«Мы давно не переписывались, Катя, и ты, вероятно, будешь удивлена, взглянув на эту подпись. Как ты живешь? Я не писал тебе так долго, потому что думал, что ты сердишься на меня. Конечно, ты права, я виноват в том, что мы так долго не встречались. Мне нужно было заехать в Москву на обратном пути из Энска и встретиться с тобой, а не бродить вокруг твоего дома, как будто мне восемнадцать лет…»
Я уже забыл о письме. Мне нужно было просто увезти ее — ведь я же отлично знал, что она не должна оставаться в этом фальшивом и несчастном доме, с этим страшным и фальшивым Николаем Антонычем, которому она верит.
Вот и горы! Они торчали из облаков, освещенные солнцем, то голые, то покрытые ослепительным снегом. Я видел в зеркале, как Лури поднял руку, как будто поздоровался с ними, и что-то закричал доктору, и доктор, смешной, похожий на какого-то круглого забавного зверя, равнодушно кивнул головой.
В редких просветах были видны ущелья — прекрасные, очень длинные ущелья, — верная смерть в случае вынужденной посадки. Я невольно подумал об этом, а потом снова стал сочинять письмо, и сочинял до тех пор, пока мне не пришлось заняться другими, более срочными делами.
Как будто и ветра не было, когда первые огромные тучи снега стали срываться с вершин и кружиться, поднимаясь все выше и выше.
Зеркало, в котором я только что видел доктора и Лури, вдруг потемнело, замерзло, а еще через десять минут уже нельзя было вообразить, что над нами только что было солнце и небо. Теперь не было ни земли, ни солнца, ни неба. Все перемешалось. Ветер догнал нас и ударил сперва слева, потом в лоб, потом снова слева, так что нас сразу унесло куда-то в сторону, где тоже был туман и шел снег, мелкий, твердый, который очень больно бил по лицу и сразу вцепился во все петли и щели одежды.

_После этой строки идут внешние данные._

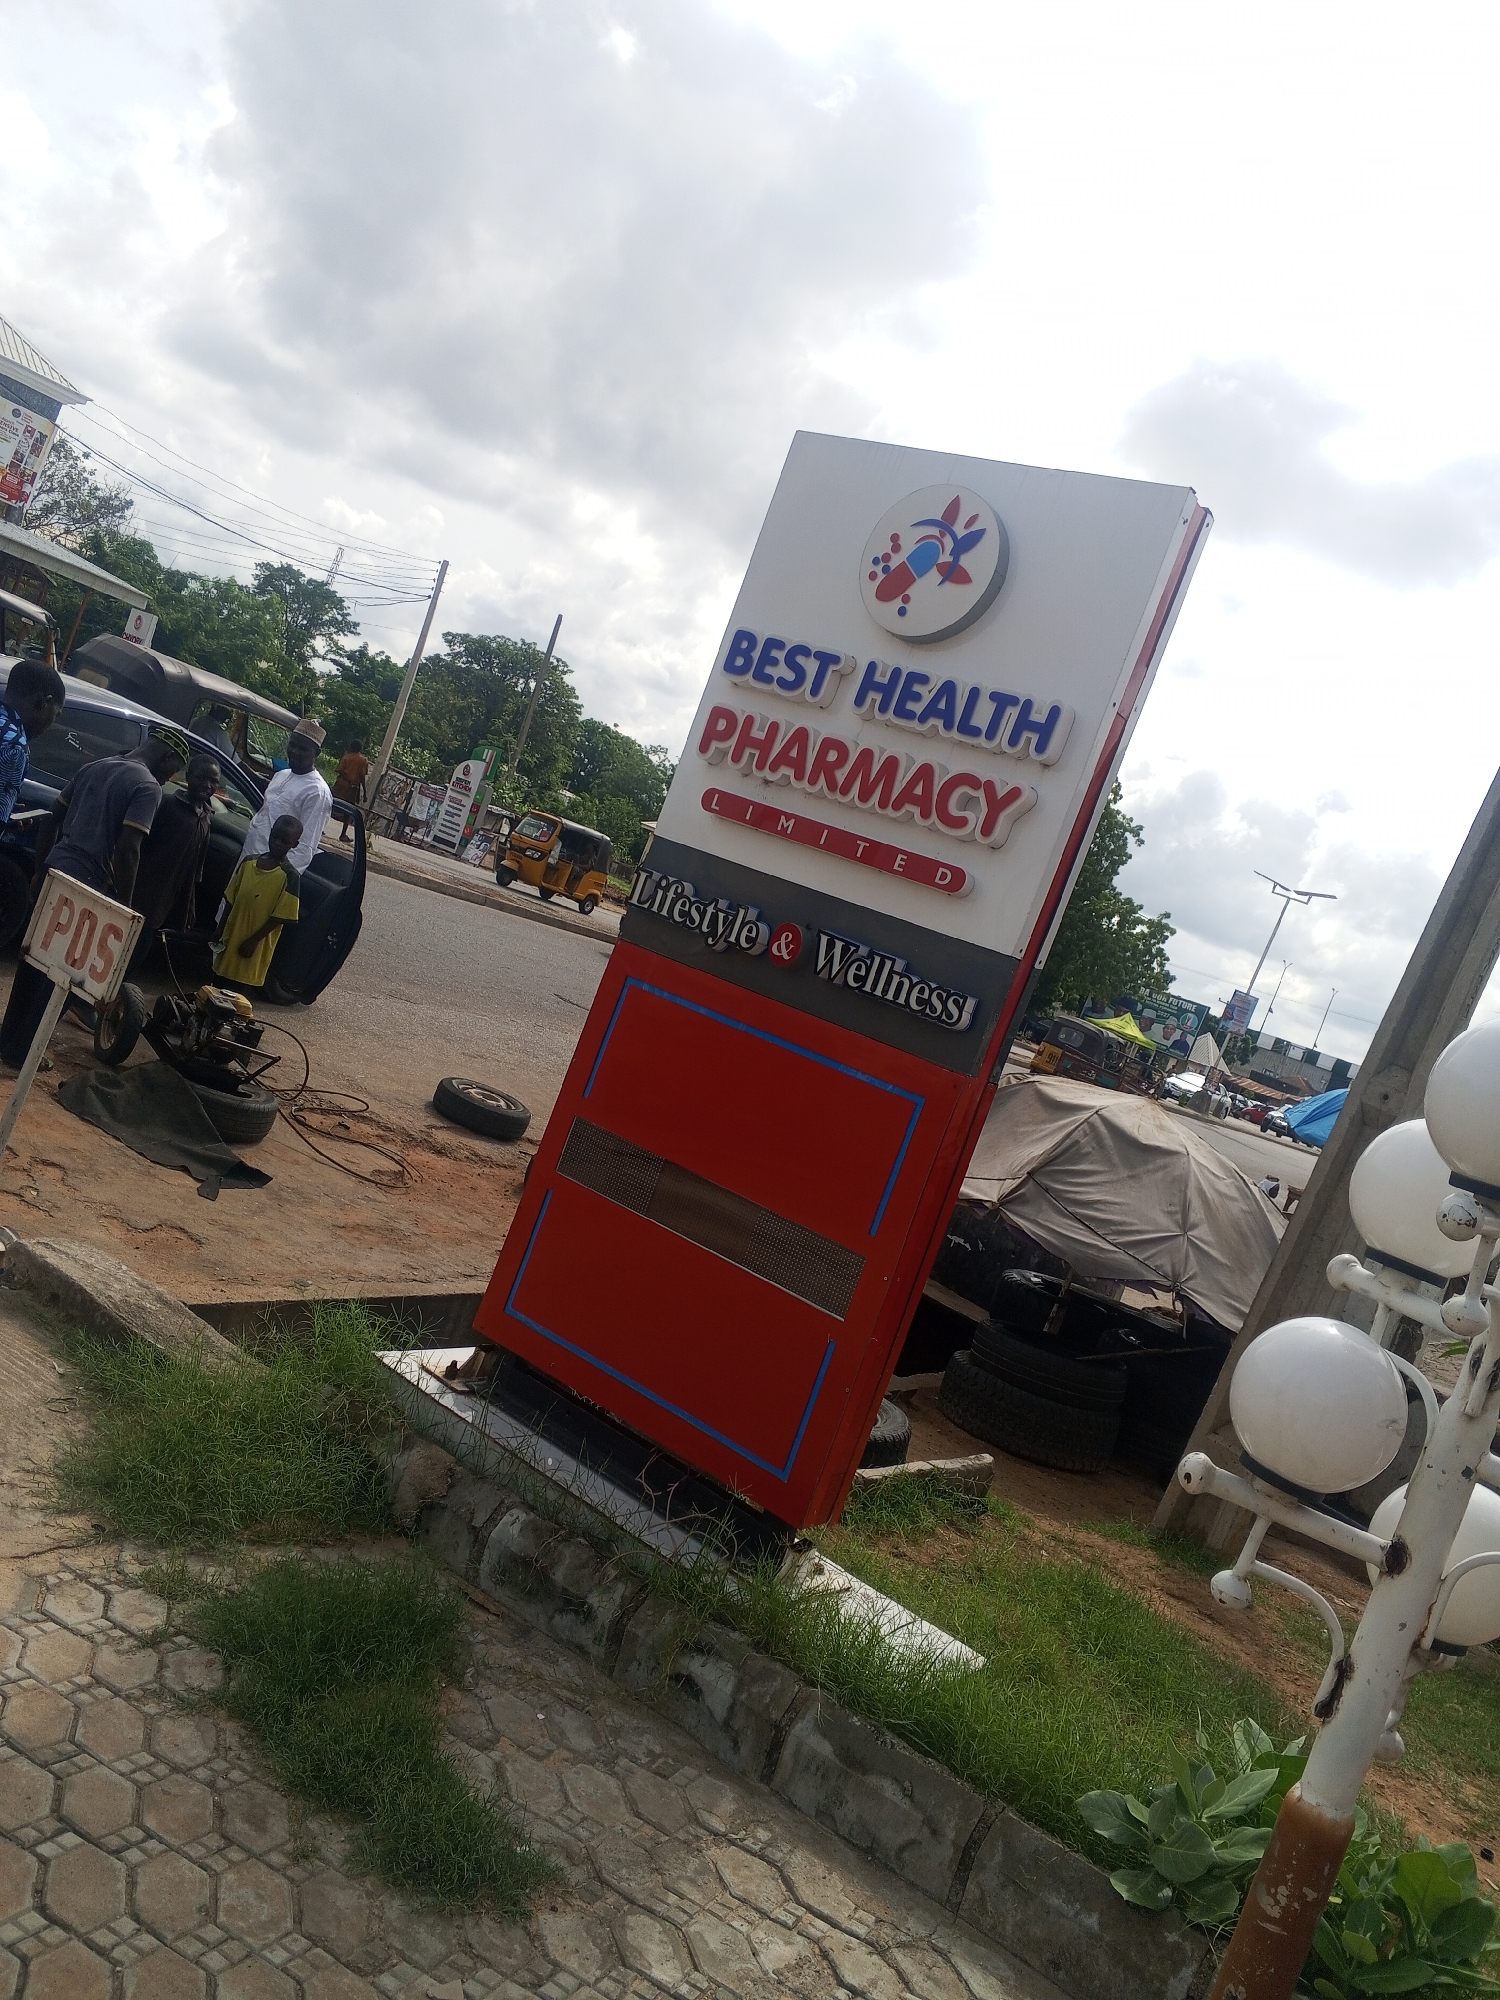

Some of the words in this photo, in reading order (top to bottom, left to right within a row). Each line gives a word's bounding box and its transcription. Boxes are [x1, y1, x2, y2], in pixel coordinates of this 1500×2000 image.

Потом наступила ночь, так что, когда я снова посмотрел в зеркало, я больше уже ничего не увидел. Ничего не было видно вокруг, и некоторое время я вел самолет в полной темноте, как будто натыкаясь на стены, потому что всюду были настоящие стены из снега, со всех сторон подпираемого ветром. То я пробивал их, то отступал, то снова пробивал, то оказывался далеко под ними. Это было самое страшное — самолет вдруг падал на полтораста — двести метров, а я не знал, какой высоты были горы, почему-то не отмеченные на моей карте. Все, что я мог сделать, — это развернуться на сто восемьдесят градусов и пойти назад к Енисею. Я увижу берега, пройду над высоким берегом, и мы обойдем пургу или, в крайнем случае, вернемся назад в Заполярье.
Легко сказать — развернуться! Самолет почему-то затрясло, когда я дал левую ногу, и нас снова бросило в сторону, но я продолжал разворачиваться. Кажется, я что-то сказал машине. Именно в эту минуту я почувствовал, что с мотором творится что-то неладное, — жаль, потому что внизу были те же ущелья, которые — я очень на это рассчитывал — остались далеко позади. Они мелькнули и пропали, потом снова мелькнули — длинные и совершенно безнадежные, — нас бы не нашли, и никто бы никогда не узнал, как это случилось. Нужно было уйти от них, и я ушел, хотя самолет был то взвешен в воздухе, как будто эта проклятая пурга задумывалась на секунду, что бы еще с нами сделать, то болтался и шел как хотел. Я ушел, но с мотором все-таки творилось что-то неладное, и нужно было садиться. Нужно было садиться очень медленно и следить за указателем поворотов, и не допускать кренов, и все время думать о земле, которая где-то внизу, и неизвестно, где она и какая. Что-то стучало у меня в голове, как часы, я громко разговаривал с самим собой и с машиной. Но я не боялся. Я помню только, как мне стало на мгновение жарко, когда какая-то масса пронеслась рядом с самолетом; я бросился в сторону от нее и чуть не царапнул крылом о землю.
Глава двенадцатая
Пурга
Не стану рассказывать о тех трех сутках, которые мы провели в тундре, недалеко от берегов Пясины. Это одно из самых тяжелых воспоминаний в моей жизни, и, главное, это — однообразное воспоминание. Один час был похож на другой, другой — на третий, и только первые минуты, когда нам нужно было как-то укрепить самолет, потому что иначе его унесло бы пургой, уже не повторялись.